Task instructions: Transcribe the data verbatim and drop its images.

+++ Record set

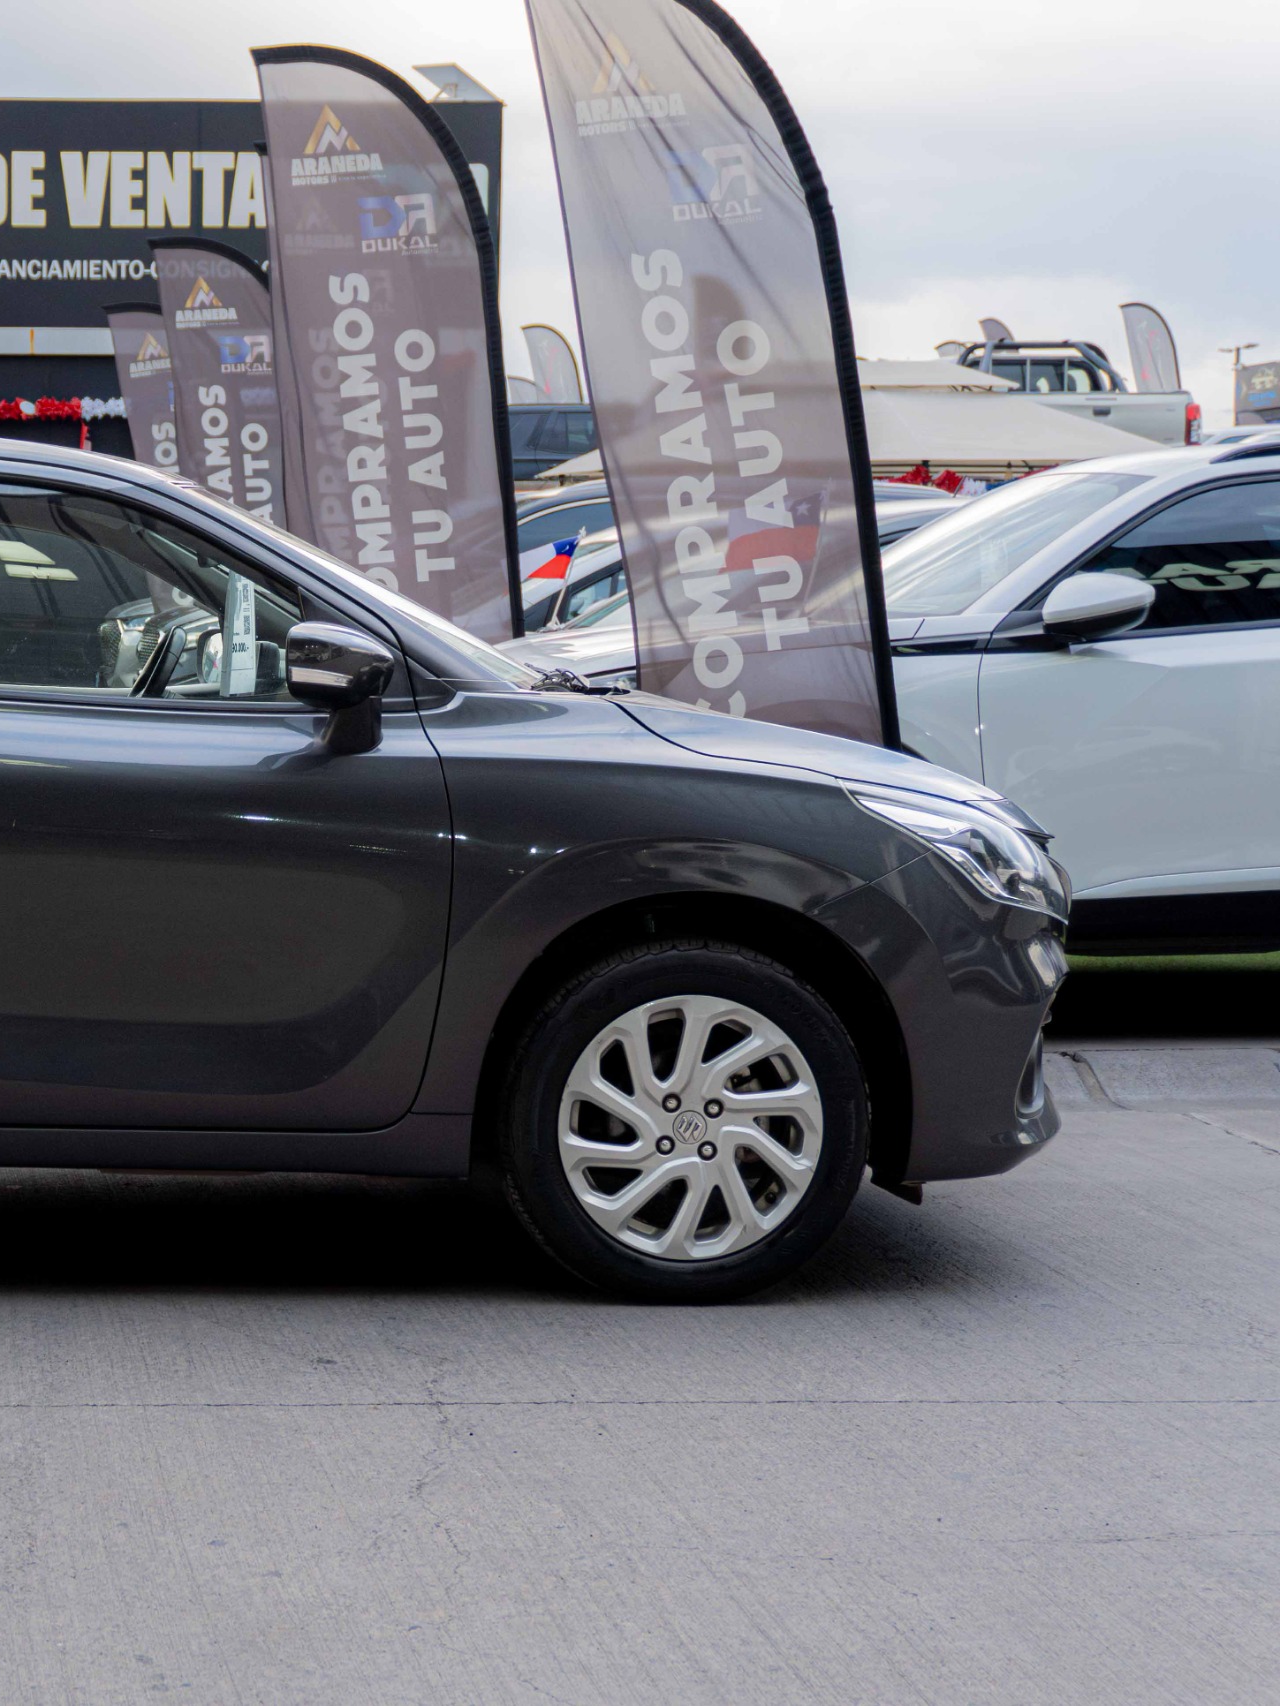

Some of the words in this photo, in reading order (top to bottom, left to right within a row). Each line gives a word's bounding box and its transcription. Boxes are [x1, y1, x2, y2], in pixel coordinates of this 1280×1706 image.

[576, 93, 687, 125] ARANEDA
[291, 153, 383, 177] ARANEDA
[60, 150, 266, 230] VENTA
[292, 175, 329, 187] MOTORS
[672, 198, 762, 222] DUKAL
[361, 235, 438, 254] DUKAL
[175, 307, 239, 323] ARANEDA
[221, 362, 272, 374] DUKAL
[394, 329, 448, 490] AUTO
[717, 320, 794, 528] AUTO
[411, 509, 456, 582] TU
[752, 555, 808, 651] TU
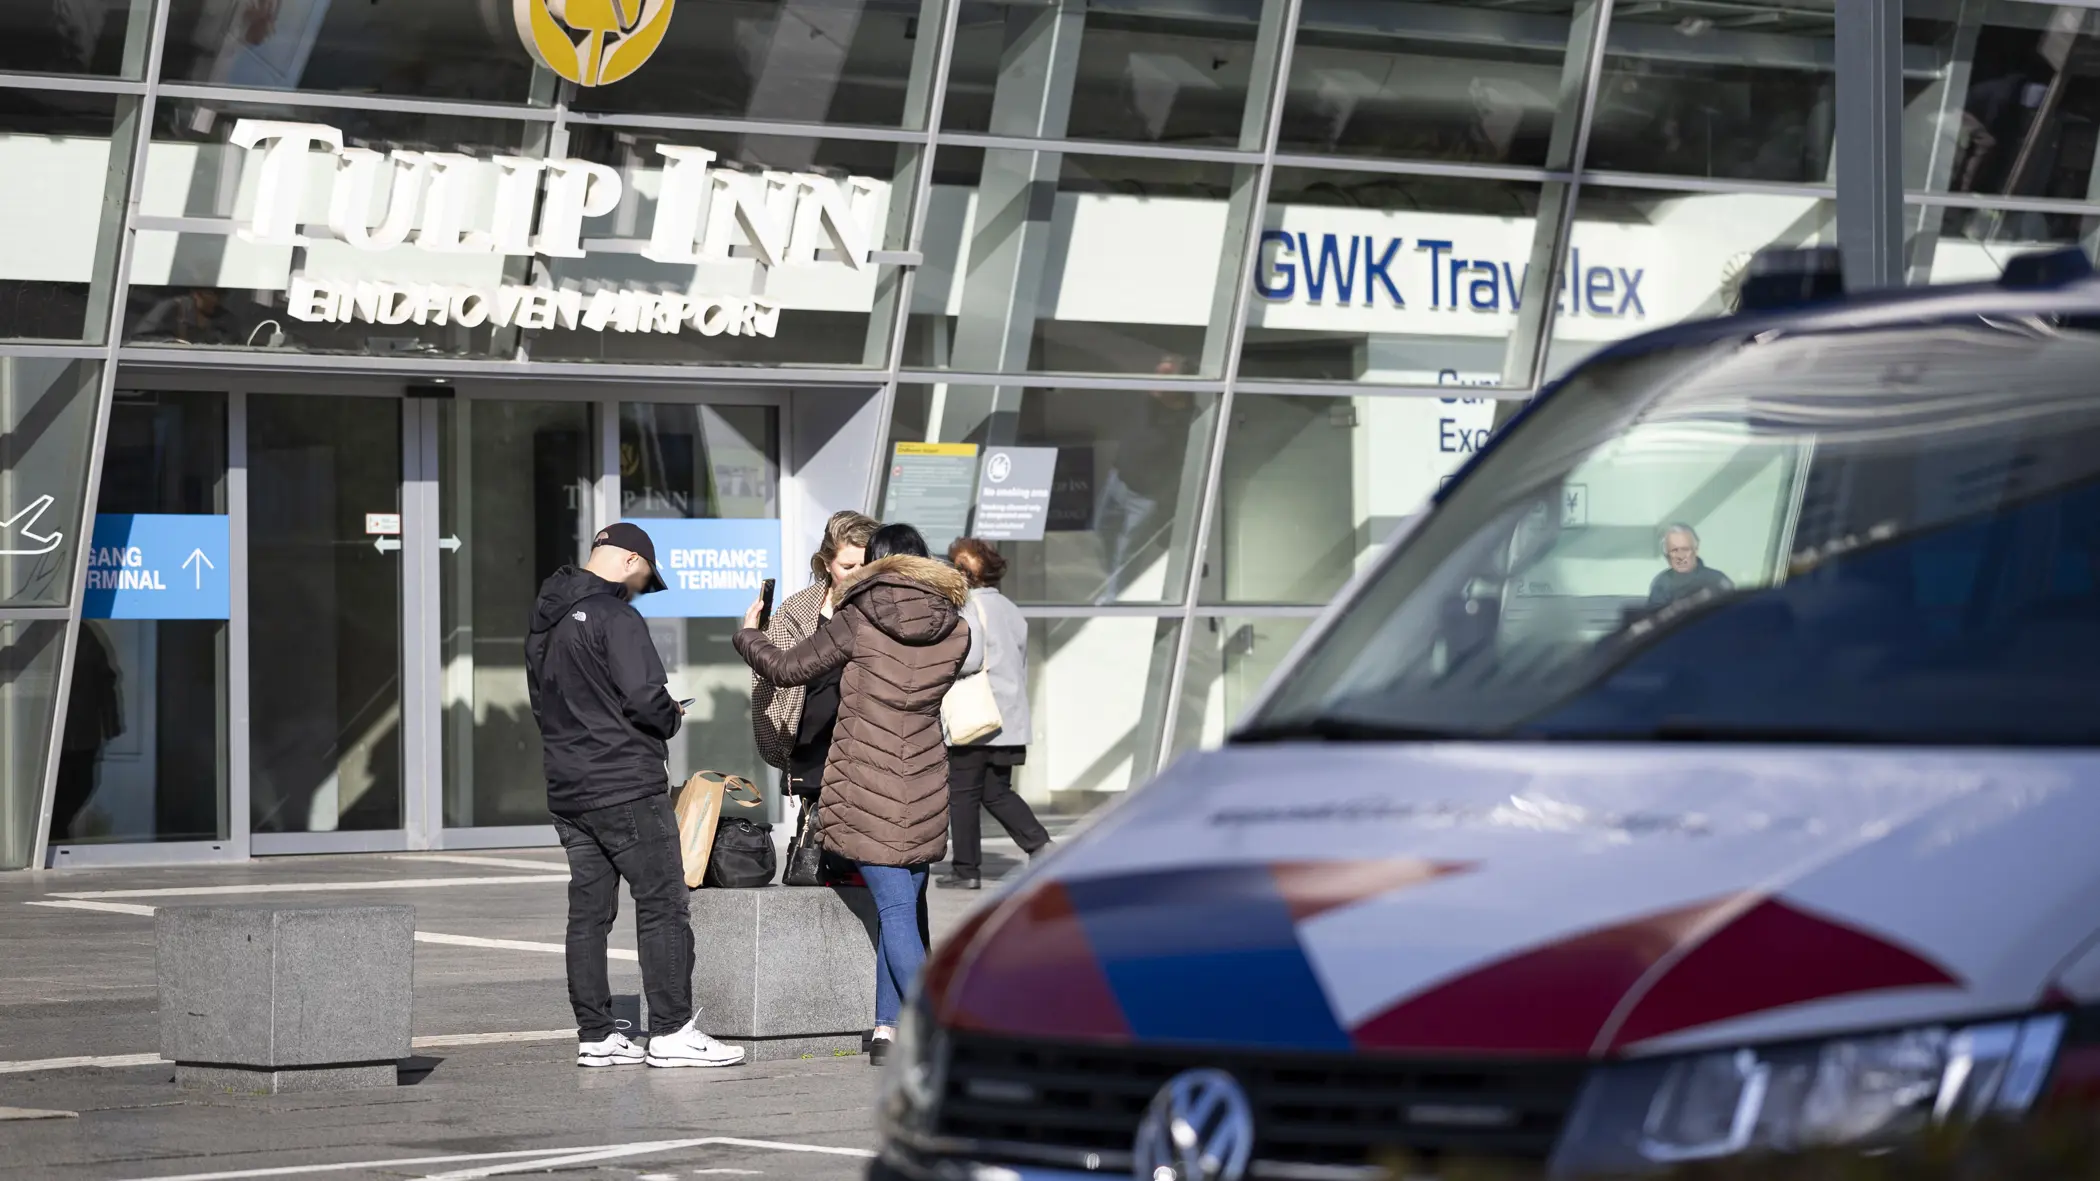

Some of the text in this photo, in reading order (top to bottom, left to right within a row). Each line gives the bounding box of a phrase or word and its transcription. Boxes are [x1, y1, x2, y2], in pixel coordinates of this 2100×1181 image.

++++++

Written reply:
Some of the words in this photo, in reading order (top to bottom, left to right within a row). Each line gives a word's bounding box and its transcription. Boxes are [x1, y1, x2, y2], in pixel coordinates of this 1280×1706 image.

[576, 93, 687, 125] ARANEDA
[291, 153, 383, 177] ARANEDA
[60, 150, 266, 230] VENTA
[292, 175, 329, 187] MOTORS
[672, 198, 762, 222] DUKAL
[361, 235, 438, 254] DUKAL
[175, 307, 239, 323] ARANEDA
[221, 362, 272, 374] DUKAL
[394, 329, 448, 490] AUTO
[717, 320, 794, 528] AUTO
[411, 509, 456, 582] TU
[752, 555, 808, 651] TU

Some of the text in this photo, in reading order (top to bottom, left to right within a row). Each line gives the bounding box of a phrase or word and its transcription. Boxes are [x1, y1, x2, y2], in pixel coordinates of this 2100×1181 image.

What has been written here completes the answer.